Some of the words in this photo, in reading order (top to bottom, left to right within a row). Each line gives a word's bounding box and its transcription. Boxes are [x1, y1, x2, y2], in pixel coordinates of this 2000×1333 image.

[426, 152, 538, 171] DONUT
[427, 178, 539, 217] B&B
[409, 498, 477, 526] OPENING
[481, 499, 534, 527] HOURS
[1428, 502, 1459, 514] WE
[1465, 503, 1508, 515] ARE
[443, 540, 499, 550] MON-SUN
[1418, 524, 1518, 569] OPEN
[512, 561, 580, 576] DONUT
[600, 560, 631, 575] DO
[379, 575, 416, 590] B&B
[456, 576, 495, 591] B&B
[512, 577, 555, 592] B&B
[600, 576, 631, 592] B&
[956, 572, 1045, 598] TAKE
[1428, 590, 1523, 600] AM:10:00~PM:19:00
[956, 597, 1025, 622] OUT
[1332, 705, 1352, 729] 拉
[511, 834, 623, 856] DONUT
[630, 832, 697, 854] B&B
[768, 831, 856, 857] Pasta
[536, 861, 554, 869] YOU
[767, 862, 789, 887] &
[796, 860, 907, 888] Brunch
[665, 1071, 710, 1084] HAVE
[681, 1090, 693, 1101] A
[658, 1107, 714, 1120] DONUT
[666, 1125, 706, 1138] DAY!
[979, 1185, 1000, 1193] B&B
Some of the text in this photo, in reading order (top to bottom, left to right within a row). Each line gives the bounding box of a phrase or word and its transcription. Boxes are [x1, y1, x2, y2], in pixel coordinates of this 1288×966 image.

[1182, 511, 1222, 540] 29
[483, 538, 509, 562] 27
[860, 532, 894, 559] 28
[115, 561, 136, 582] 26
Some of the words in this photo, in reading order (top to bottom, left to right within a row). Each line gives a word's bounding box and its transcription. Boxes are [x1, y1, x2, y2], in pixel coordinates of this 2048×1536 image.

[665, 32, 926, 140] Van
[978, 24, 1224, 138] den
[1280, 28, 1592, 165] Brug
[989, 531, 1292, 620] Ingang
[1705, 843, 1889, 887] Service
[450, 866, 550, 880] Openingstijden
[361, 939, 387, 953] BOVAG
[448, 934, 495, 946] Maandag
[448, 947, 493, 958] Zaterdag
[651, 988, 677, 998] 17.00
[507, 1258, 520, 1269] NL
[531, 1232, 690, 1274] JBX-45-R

What the task requires: What is needed is an exact repetition of all the entries above.

Output for this exercise:
Some of the words in this photo, in reading order (top to bottom, left to right within a row). Each line gives a word's bounding box and its transcription. Boxes are [x1, y1, x2, y2], in pixel coordinates of this 2000×1333 image.

[426, 152, 538, 171] DONUT
[427, 178, 539, 217] B&B
[409, 498, 477, 526] OPENING
[481, 499, 534, 527] HOURS
[1428, 502, 1459, 514] WE
[1465, 503, 1508, 515] ARE
[443, 540, 499, 550] MON-SUN
[1418, 524, 1518, 569] OPEN
[512, 561, 580, 576] DONUT
[600, 560, 631, 575] DO
[379, 575, 416, 590] B&B
[456, 576, 495, 591] B&B
[512, 577, 555, 592] B&B
[600, 576, 631, 592] B&
[956, 572, 1045, 598] TAKE
[1428, 590, 1523, 600] AM:10:00~PM:19:00
[956, 597, 1025, 622] OUT
[1332, 705, 1352, 729] 拉
[511, 834, 623, 856] DONUT
[630, 832, 697, 854] B&B
[768, 831, 856, 857] Pasta
[536, 861, 554, 869] YOU
[767, 862, 789, 887] &
[796, 860, 907, 888] Brunch
[665, 1071, 710, 1084] HAVE
[681, 1090, 693, 1101] A
[658, 1107, 714, 1120] DONUT
[666, 1125, 706, 1138] DAY!
[979, 1185, 1000, 1193] B&B
Some of the text in this photo, in reading order (top to bottom, left to right within a row). Each line gives the bounding box of a phrase or word and its transcription. Boxes are [x1, y1, x2, y2], in pixel coordinates of this 1288×966 image.

[1182, 511, 1222, 540] 29
[483, 538, 509, 562] 27
[860, 532, 894, 559] 28
[115, 561, 136, 582] 26
Some of the words in this photo, in reading order (top to bottom, left to right within a row). Each line gives a word's bounding box and its transcription. Boxes are [x1, y1, x2, y2], in pixel coordinates of this 2048×1536 image.

[665, 32, 926, 140] Van
[978, 24, 1224, 138] den
[1280, 28, 1592, 165] Brug
[989, 531, 1292, 620] Ingang
[1705, 843, 1889, 887] Service
[450, 866, 550, 880] Openingstijden
[361, 939, 387, 953] BOVAG
[448, 934, 495, 946] Maandag
[448, 947, 493, 958] Zaterdag
[651, 988, 677, 998] 17.00
[507, 1258, 520, 1269] NL
[531, 1232, 690, 1274] JBX-45-R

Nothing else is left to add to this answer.